エラーが解消できないのなら、そもそもなぜその方法を今回取ろうとしているのか。
Googleがそう言ってるからなのか、以前類似の問題をそう解決したからなのか。質問単体だけを発するのではなく、質問が生まれるまでの思考を言語化して伝えることで、
ベテランが回答のスタート地点を定められたり、どこで躓いているかを発見できたりします。
また駆け出しにとっても、思ってもいなかった間違いを指摘してもらえる機会になります。
投げ出さない
重複する部分や、もちろん場合によっては不要な時もあると思いますが、大体この3つです。
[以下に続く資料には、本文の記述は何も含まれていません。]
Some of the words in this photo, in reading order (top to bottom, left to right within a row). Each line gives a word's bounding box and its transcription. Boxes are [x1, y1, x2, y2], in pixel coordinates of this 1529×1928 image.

以上を踏まえて、ベテラン側の気持ちになって以下の質問例を見てみてください。
▼ ベテランが答えにくいであろう質問
これってどうしたら良いですか?(質問)
▼ ベテランが多少は答えやすいであろう質問
これってどうしたら良いですか?(質問)
条件によってクエリを分岐させたいんですけど(質問の目的)
PHPの中にSQLを書きたい時は、fetch系関数の第一引数にクエリ、第二引数にparamを入れると
それを材料にしてDB側でクエリが実行されると記憶していて(前提の共有)
ただ今回は入れたいparamが複数あって、安易に引数を増やしていいものか(なぜ悩んだかの思考)
前者と後者では、回答のしやすさや精度が変わってくるのが想像できるのではないでしょうか。
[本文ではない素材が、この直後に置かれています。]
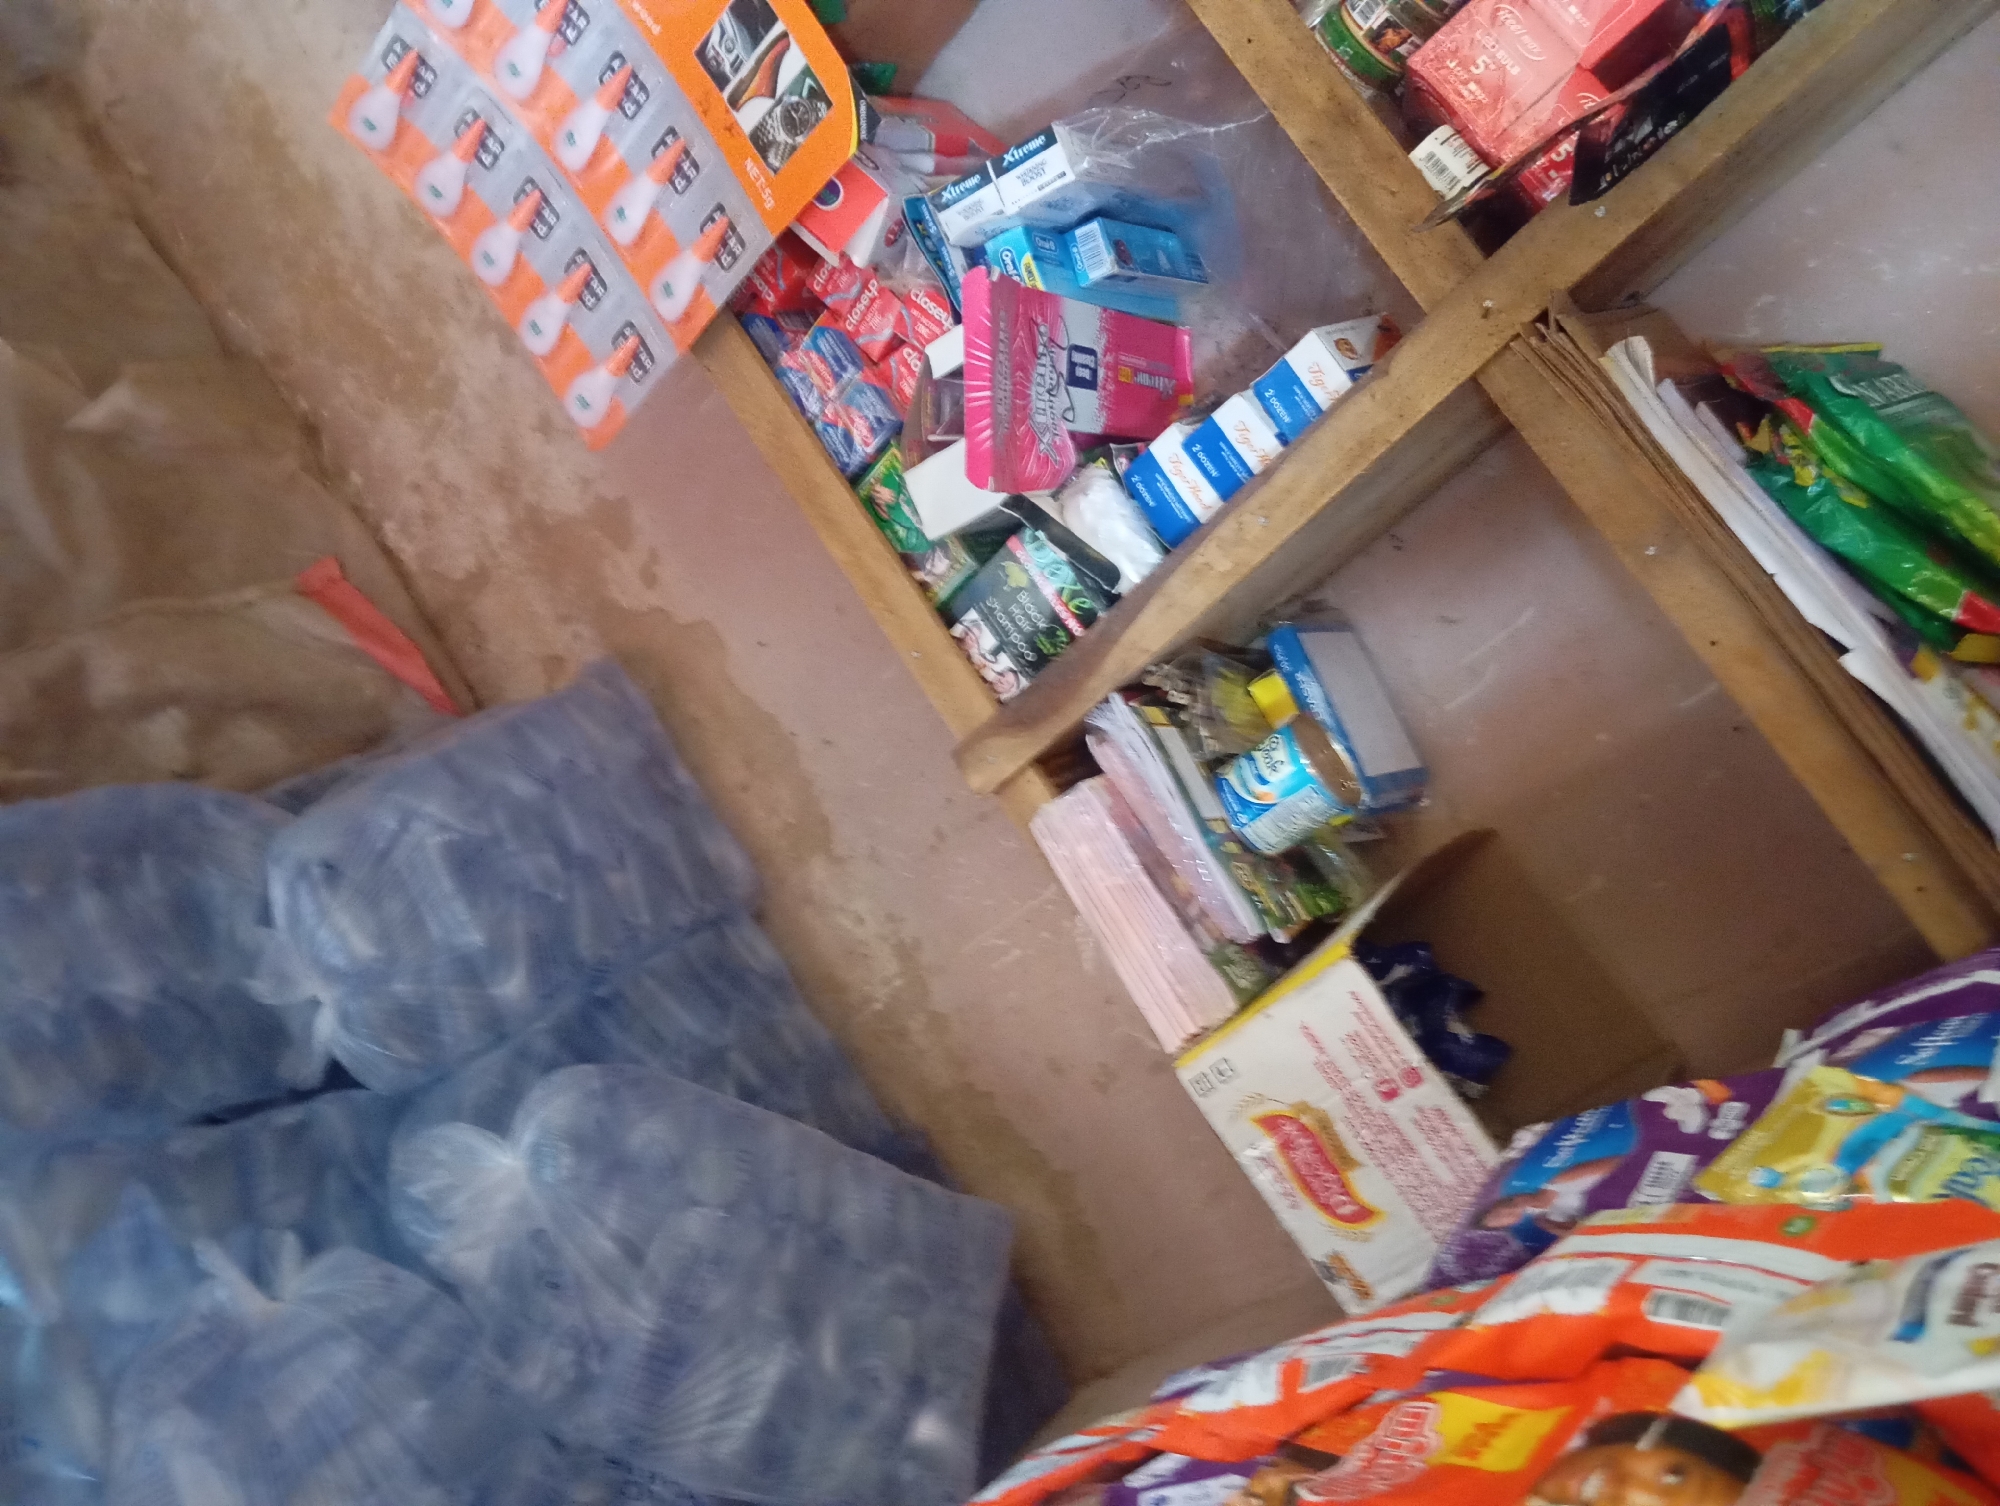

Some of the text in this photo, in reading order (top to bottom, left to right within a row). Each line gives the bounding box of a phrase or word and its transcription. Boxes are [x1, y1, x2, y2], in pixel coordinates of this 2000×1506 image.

[1496, 51, 1521, 75] BULB
[1002, 133, 1046, 167] Xtreme
[941, 173, 981, 203] Xtreme
[1020, 168, 1046, 187] BOOST
[845, 279, 878, 331] closeup
[1270, 397, 1291, 423] DOZEN
[1168, 452, 1193, 491] Tiger
[1198, 452, 1219, 478] DOZEN
[1137, 483, 1157, 507] DOZEN
[1008, 604, 1034, 633] Hair
[1016, 590, 1047, 629] Black
場合によっては、前者と後者で回答内容がまるっと変わることもあり得るかもしれません。
コミュニケーションの基本だったり、質問者が与える情報量の問題のようにも見えますが、
「何がわからんのかわからん」状態に陥っている駆け出しほど、これができていないはずです。
わからないなりに投げ出さず、ベテランが迷わないような質問のしかたを意識する、
もしあなたが迷えるベテランなら「こう質問してくれると助かる」と駆け出しに伝えてみると
コミュニケーションがちぐはぐする時間が減るかもしれません。
まとめ
今回は教わる側の視点から、駆け出しエンジニアでもできる工夫をまとめました。
話しかける前にお時間の都合を聞くとか、先輩のリソースを消費している意識を持つとか、
有り難い環境に感謝をする、感謝を伝えるとか、当たり前のことは当たり前にしながら、
余裕が出てきたら少しずつでも意識していくと、上手く教われるようになれるかもしれません。
まだまだ駆け出しの身ですが、いつかベテラン側になる日が来たら1日目に伝えたいことでした。
ありがとうございました。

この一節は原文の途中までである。